エンディングで、身を呈して目的完遂をつらぬくT-800の正義。ストーリーとしても美しい。みんな気付いているけど、だれも言わないこと。それは「ターミネーターシリーズは、T2で完結している」。実はこれが真理である。



「ターミネーター2 3D」オフィシャルトレーラー
https://youtu.be/uOp1Cn8Eidg

(C) 1991 - STUDIOCANAL - Tous Droits Reserves
2017年/アメリカ映画/137分/シネマスコープ/英語音声/字幕:戸田奈津子/PG-12/配給:キノフィルムズ/木下グループ

「ターミネーター2 3D」 公式サイト
http://t2-3d.jp/


【評論家・林正儀氏からのコメント】


■「ターミネーター2 3D」がまた劇場で観られる感動

『T2』は、レーザーディスク(LD)での視聴テストで一番見ていたソフトのひとつである。当時はリバラン(「リバー・ランズ・スルー・イット」)や「クリフ・ハンガー」などがレファレンスだった。とくにT-800、T-1000の登場シーンは感慨深い。まさかこれが劇場でまた観られるなんて。

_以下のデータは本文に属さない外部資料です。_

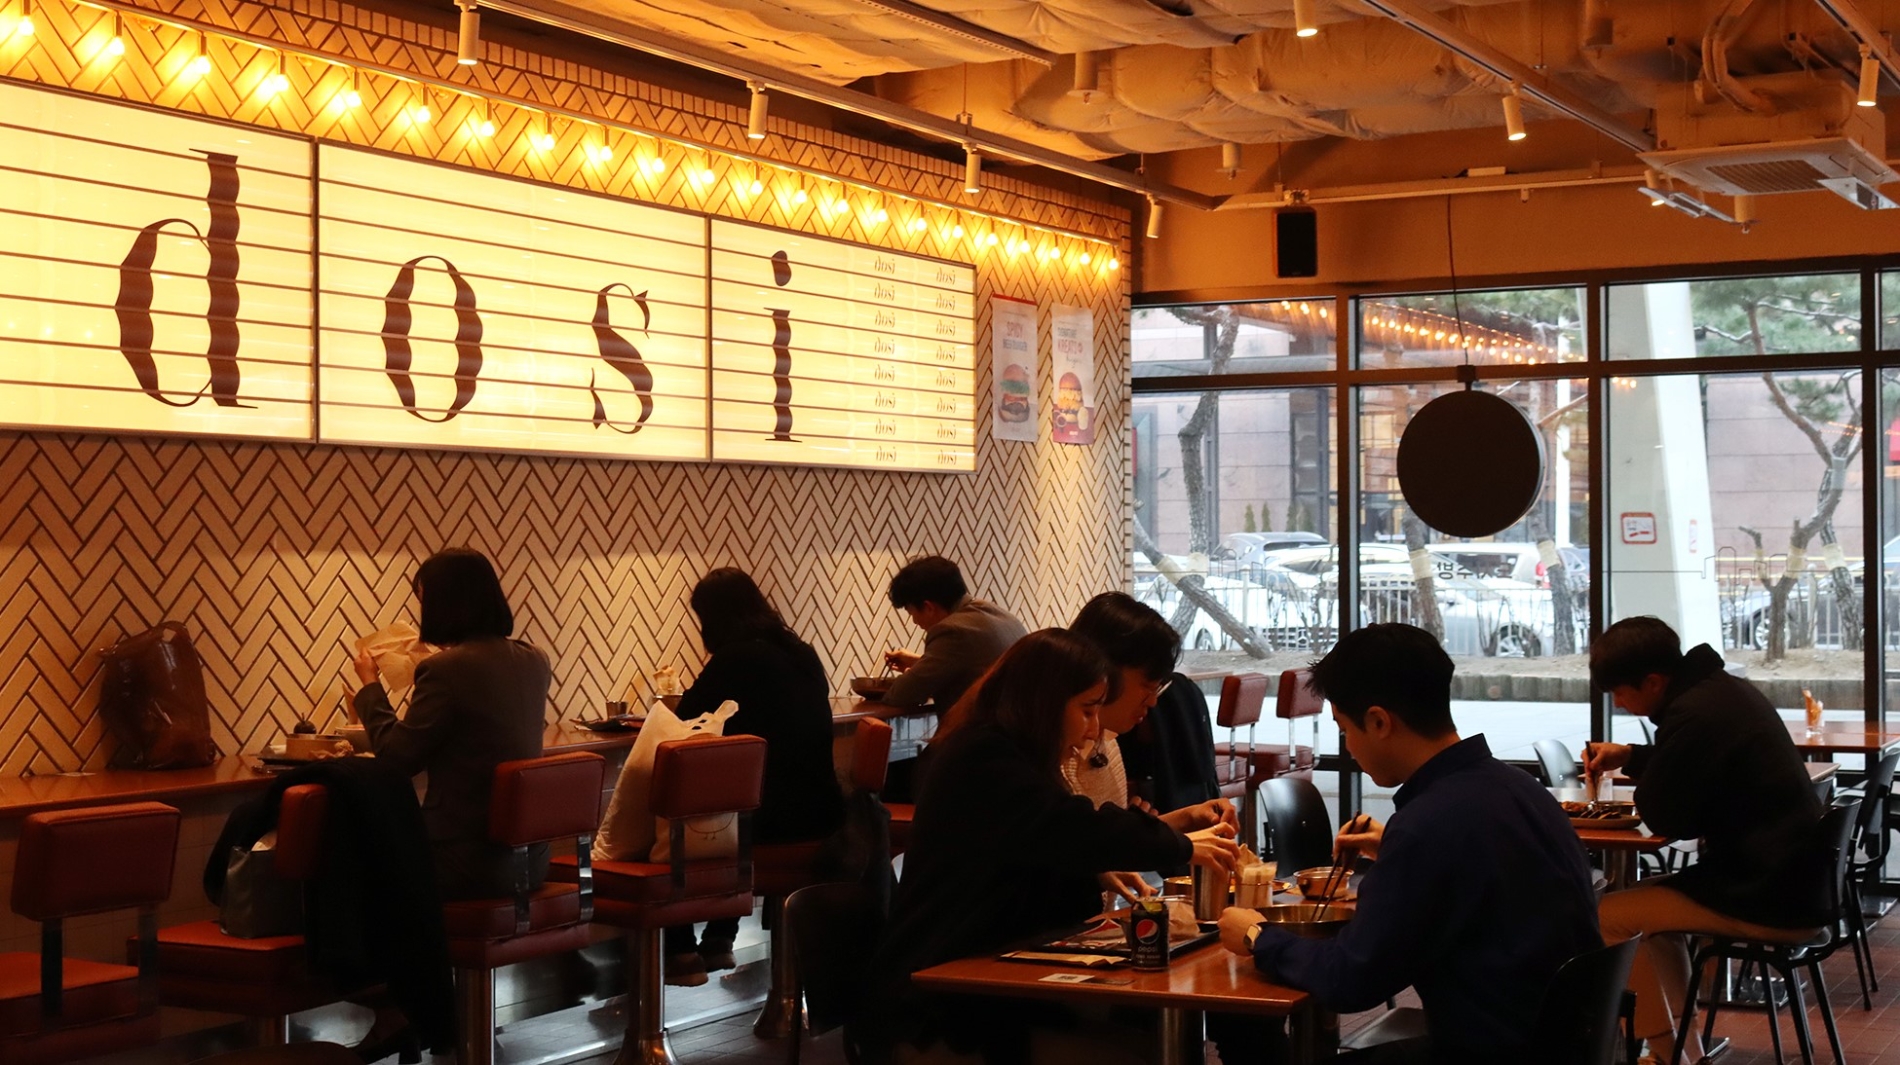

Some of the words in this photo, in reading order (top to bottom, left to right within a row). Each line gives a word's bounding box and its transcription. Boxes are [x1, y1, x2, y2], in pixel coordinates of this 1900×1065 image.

[874, 255, 896, 275] dosi
[935, 266, 956, 285] dosi
[115, 148, 803, 443] dosi
[874, 281, 897, 301] dosi
[936, 291, 957, 310] dosi
[875, 308, 897, 327] dosi
[936, 317, 957, 336] dosi
[874, 335, 897, 354] dosi
[936, 343, 957, 362] dosi
[874, 364, 895, 381] dosi
[936, 371, 955, 388] dosi
[875, 391, 896, 408] dosi
[937, 397, 956, 413] dosi
[875, 418, 896, 435] dosi
[937, 423, 956, 439] dosi
[876, 445, 896, 462] dosi
[938, 449, 957, 465] dosi
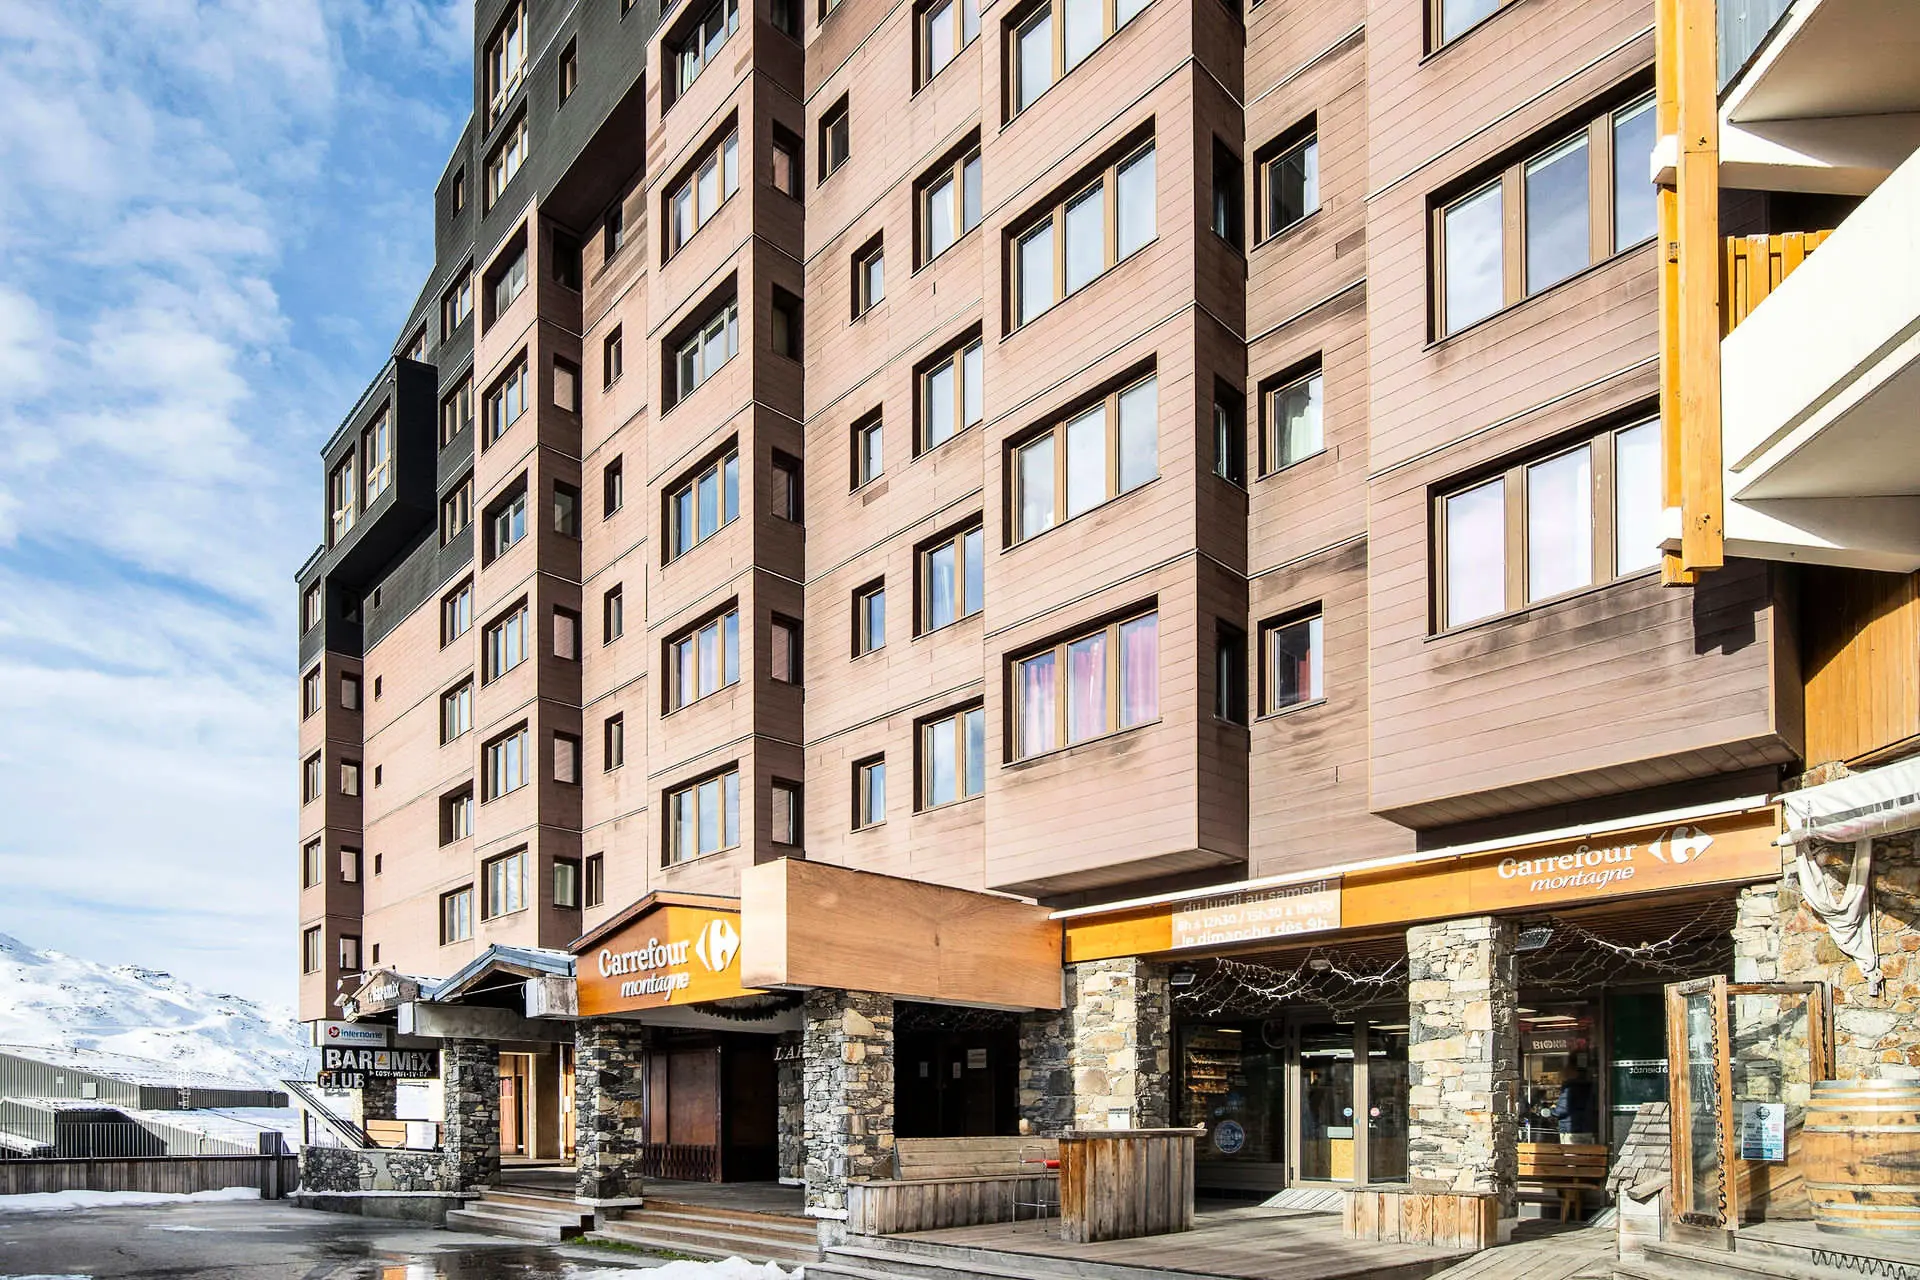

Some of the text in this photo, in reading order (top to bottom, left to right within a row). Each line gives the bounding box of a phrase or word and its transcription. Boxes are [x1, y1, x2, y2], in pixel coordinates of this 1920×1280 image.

[1497, 843, 1638, 879] Carrefour
[1530, 865, 1635, 892] montagne
[1183, 880, 1328, 913] du lundi au samedi
[1182, 932, 1195, 946] le
[1197, 923, 1271, 944] dimanche
[598, 937, 691, 978] Carrefour
[620, 971, 690, 1001] montagne
[319, 1072, 365, 1089] CLUB

『アビス』(1989年/The Abyss)でキャメロン監督が実験的に使用したCG技術を使ったT-1000は、本格的なCG時代の幕開けを体感した気がする。

今回一足早く3D版を試写で観る機会を得たが、3D変換の破綻を見つけようと、粗を探すがほとんどない。とても26年前の素材とはオモエナイ。

エンドスケルトンとの最終戦争シーンの吸い込まれるような奥行き感や、ヘリコプターのシーンの上下の高さ感は超リアルで、2D - 3D変換とは思えない。3Dで撮影していないわけだから、キャメロンの”自信を持って”との意味がわかる。

リンダ・ハミルトンも若く逞しい。だからキャメロンも結婚したのか!(4番目の妻)惚れ惚れした。

当然、3D版は半年後にはBlu-rayになって発売されるのだろうが、やっぱりホームシアターファンは劇場で確認すべきだろう。